GSK Press Release, 25 March 2025

The US FDA has approved Blujepa (gepotidacin), a first-in-class oral antibiotic, for treating uncomplicated urinary tract infections (uUTIs) in female adults and paediatric patients (≥12 years, ≥40 kg). 

GSK researchers discovered the drug, which targets Escherichia coli, Klebsiella pneumoniae, Citrobacter freundii complex, Staphylococcus saprophyticus, and Enterococcus faecalis.


How It Works

Blujepa is a bactericidal, first-in-class triazaacenaphthylene antibiotic that inhibits bacterial DNA replication through a novel mechanism. 
It binds to a distinct site on two Type II topoisomerase enzymes, providing well-balanced inhibition against most target uropathogens, including Escherichia coli and Staphylococcus saprophyticus, as well as Neisseria gonorrhoeae, even those resistant to current antibiotics.

This dual inhibition reduces the likelihood of resistance development, as mutations in both enzymes are required to impact susceptibility. Its efficacy and safety have been demonstrated in phase III trials for uUTIs and gonorrhoea, including in patients with drug-resistant pathogens.


Clinical Trials and Efficacy

Approval was based on phase III EAGLE-2 and EAGLE-3 trials, which showed Blujepa’s effectiveness against uUTIs. 

In EAGLE-2, Blujepa demonstrated non-inferiority to nitrofurantoin, achieving a 50.6% therapeutic success rate compared to 47.0% for nitrofurantoin. 

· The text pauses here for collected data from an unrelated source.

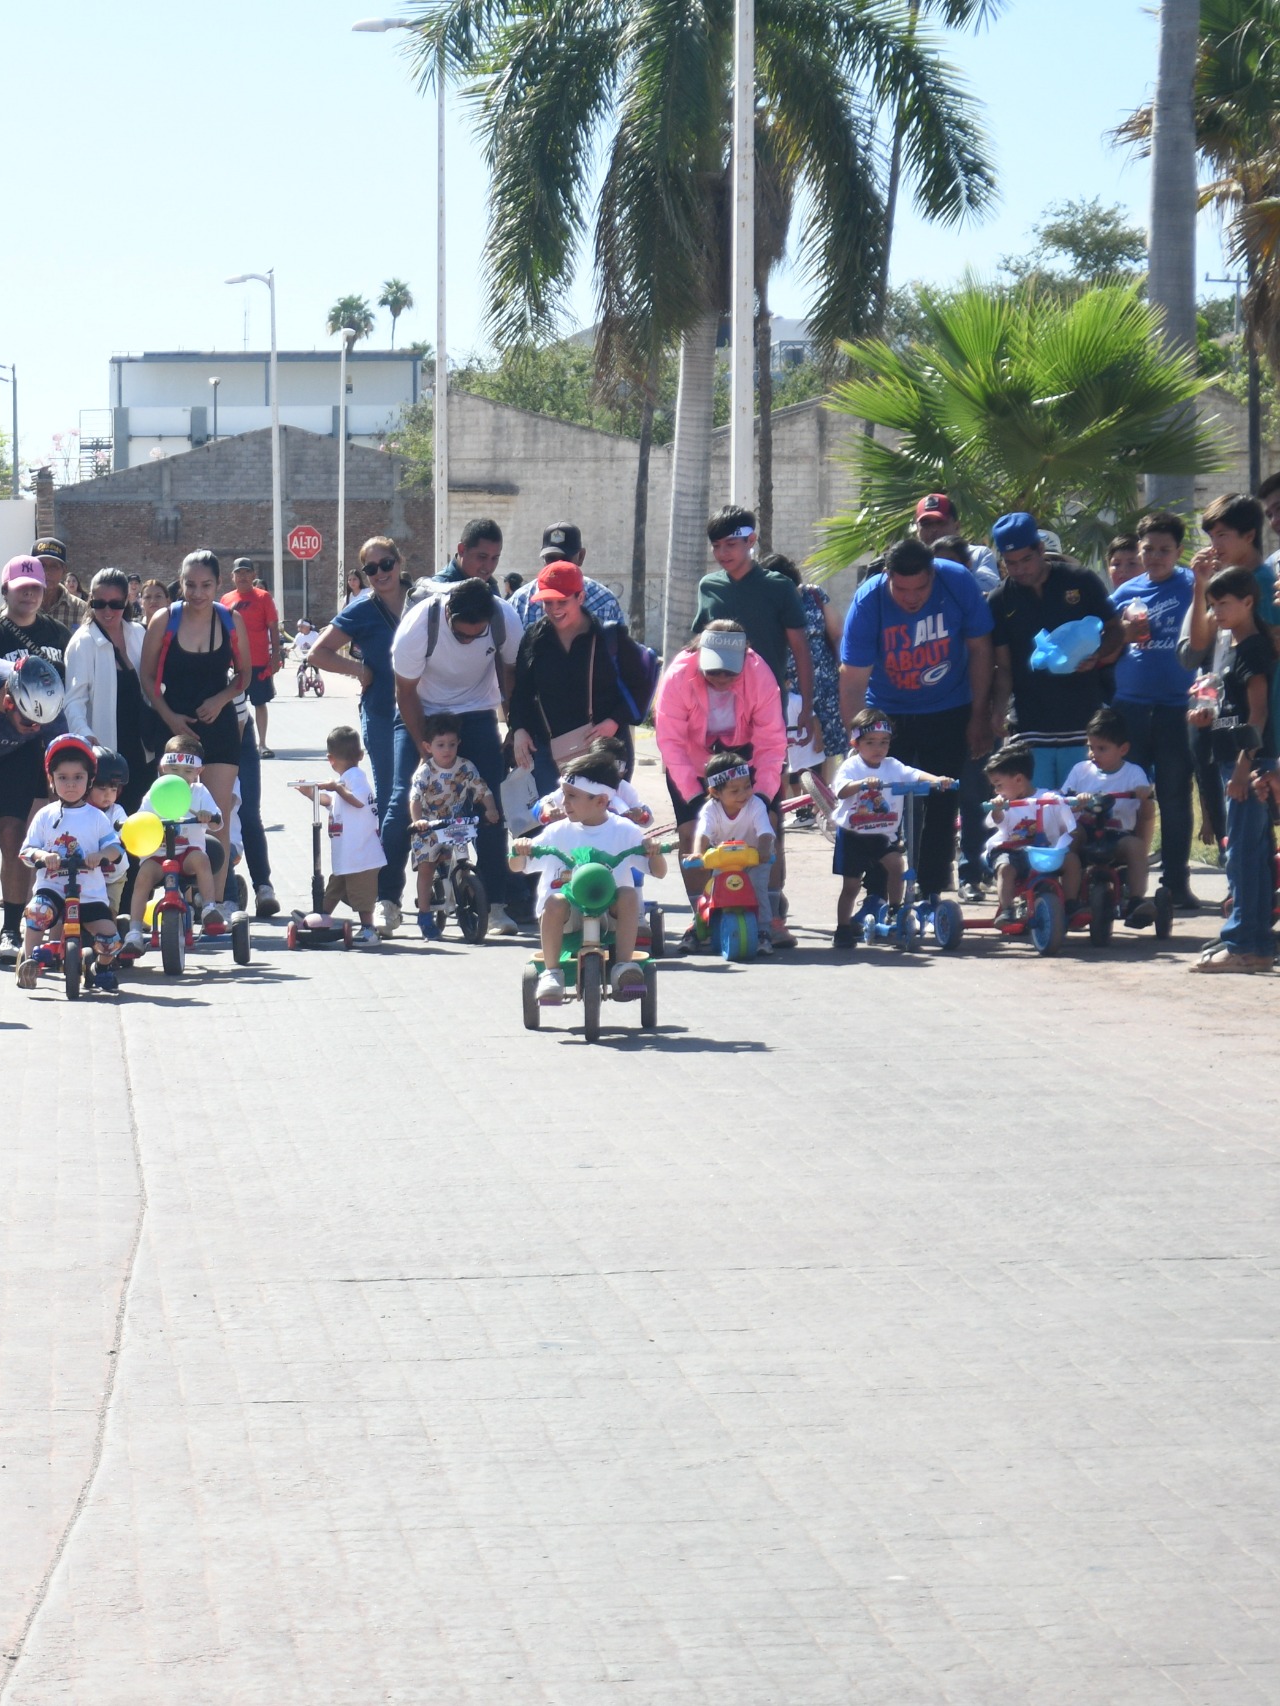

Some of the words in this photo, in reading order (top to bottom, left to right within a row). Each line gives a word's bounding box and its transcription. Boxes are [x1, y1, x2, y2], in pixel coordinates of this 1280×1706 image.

[291, 535, 319, 550] ALTO
[1147, 596, 1177, 620] odgers
[914, 612, 949, 647] ALL
[886, 637, 951, 671] ABOUT
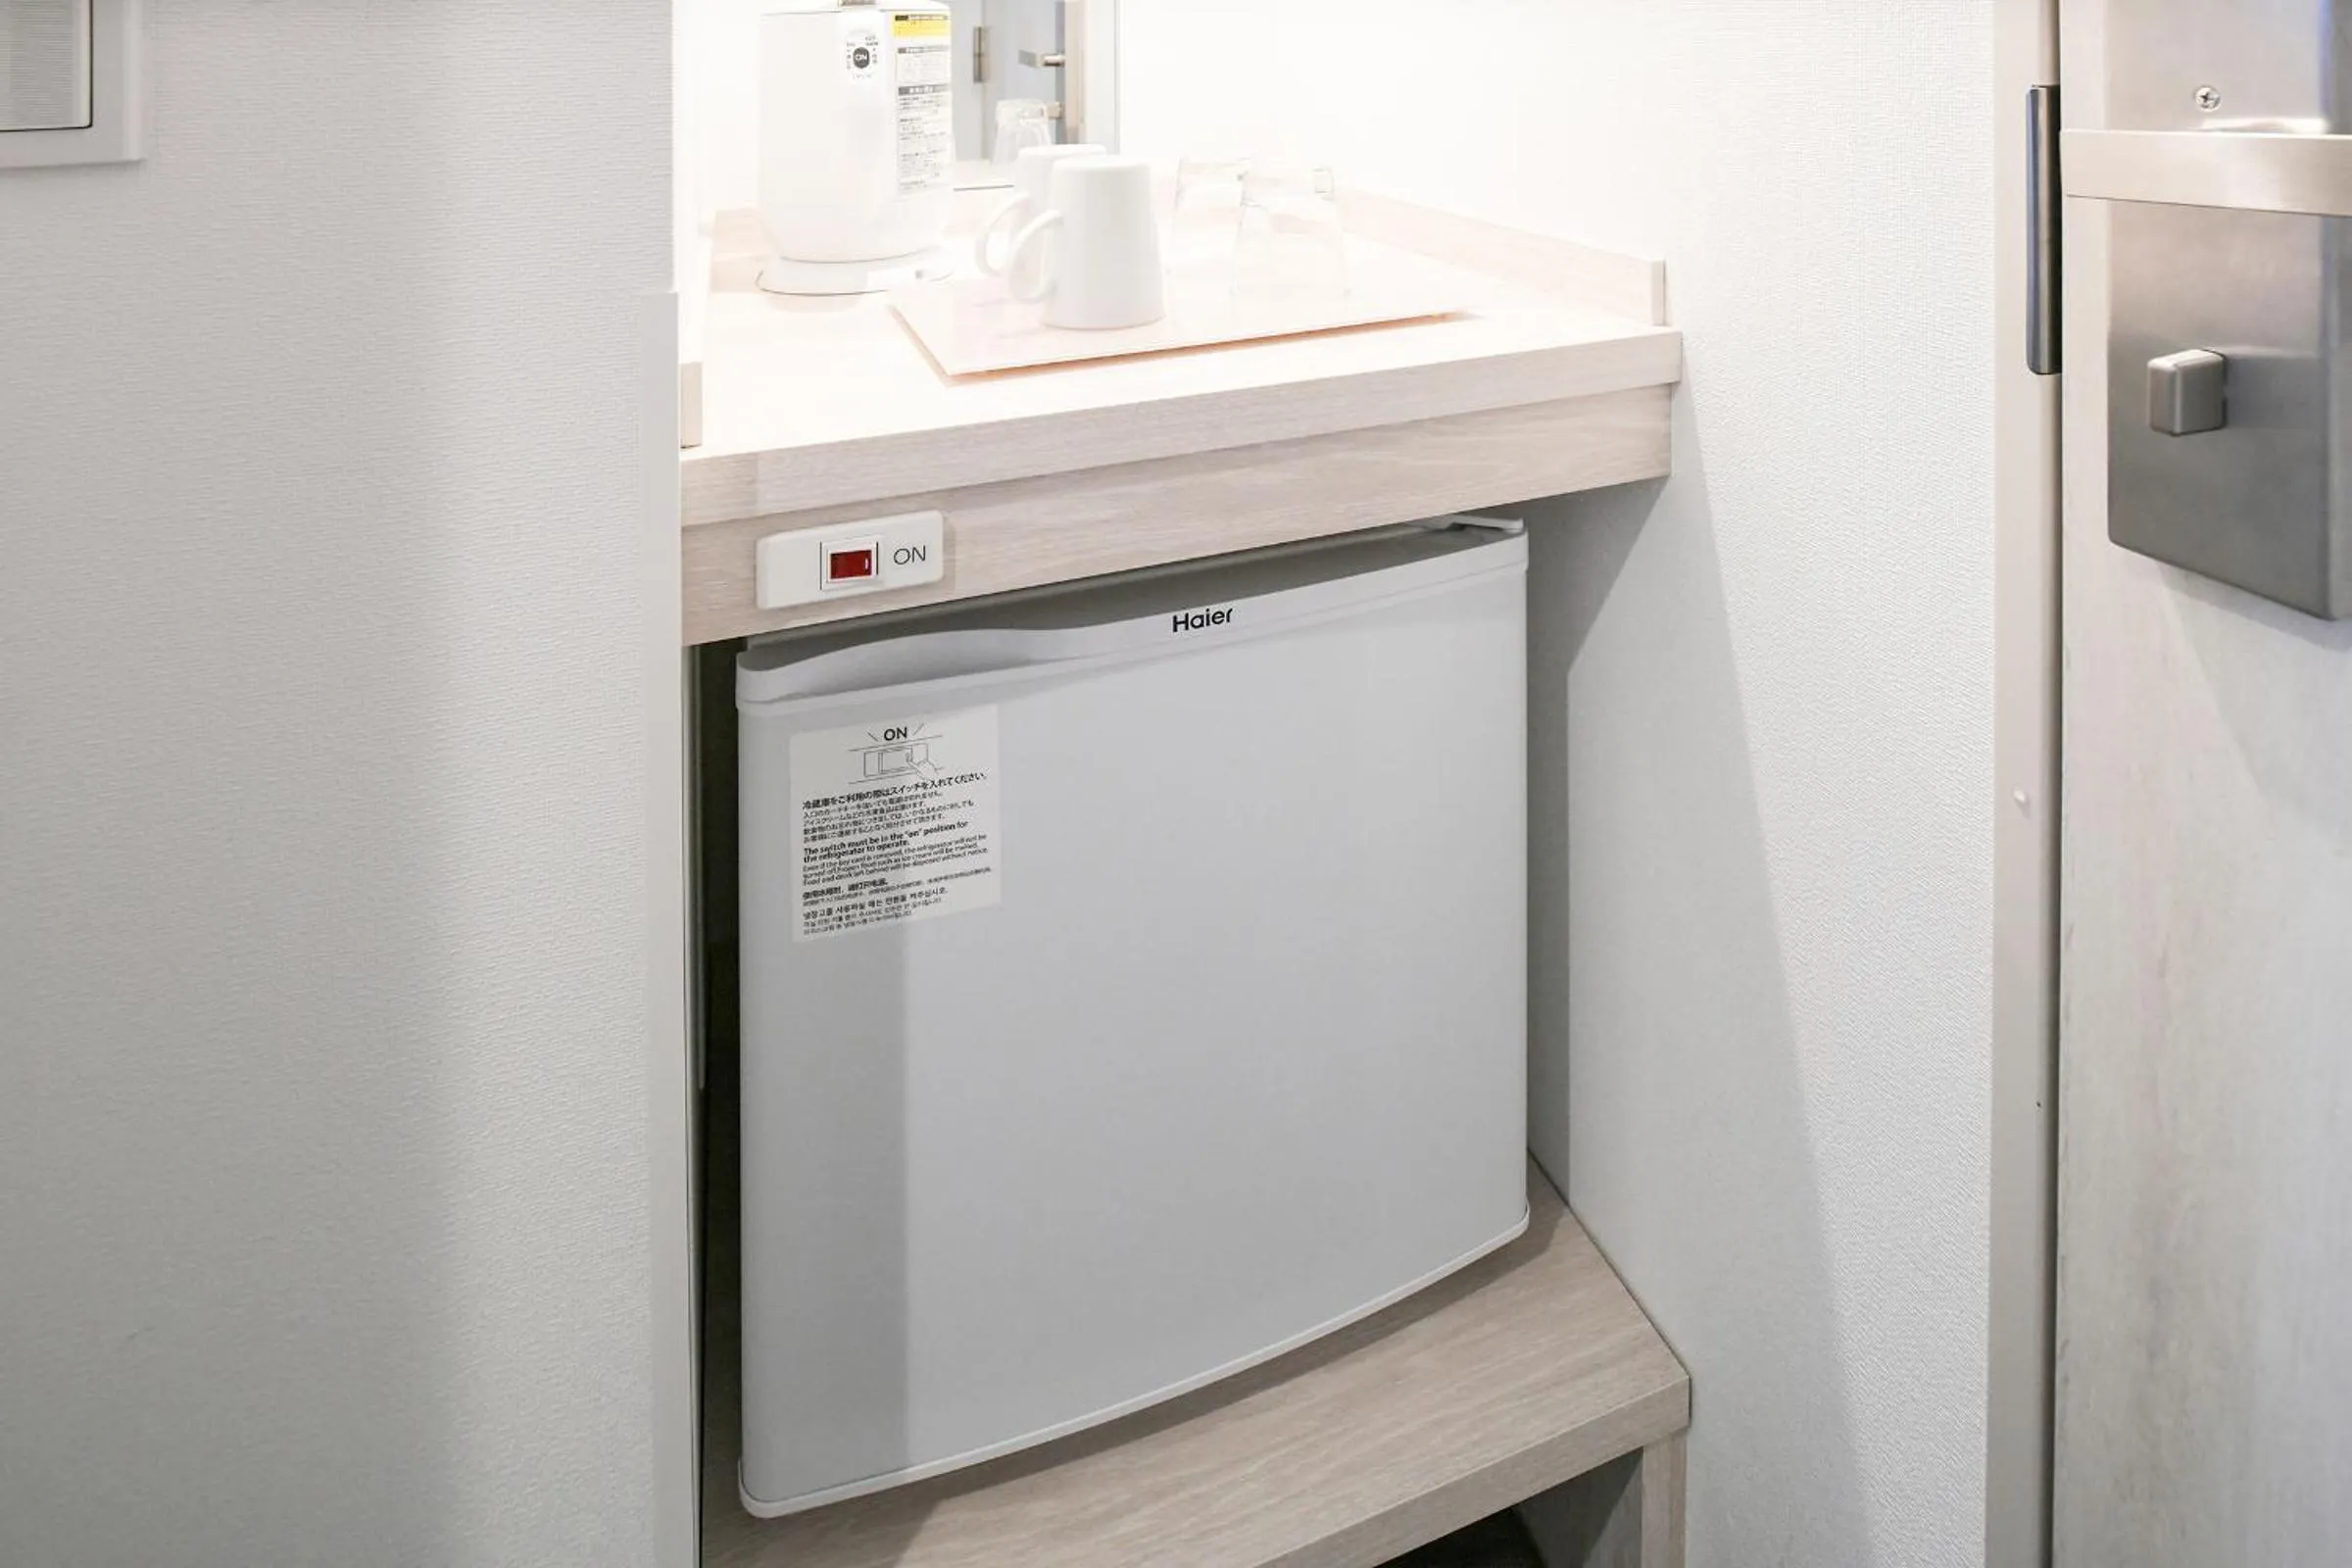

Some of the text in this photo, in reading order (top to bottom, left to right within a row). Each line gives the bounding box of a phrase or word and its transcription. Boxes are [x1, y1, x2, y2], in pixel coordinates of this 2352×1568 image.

In EAGLE-3, Blujepa showed statistically significant superiority, with a 58.5% success rate versus 43.6% for nitrofurantoin.


Safety Profile

The most common adverse events were gastrointestinal (GI) issues, including diarrhoea (16%) and nausea (9%). Most GI events were mild (69%) or moderate (28%), with severe cases occurring in less than 1% of participants. Serious drug-related adverse events were rare, with one case reported in each treatment arm.

GSK plans to launch Blujepa commercially in the US in the second half of 2025.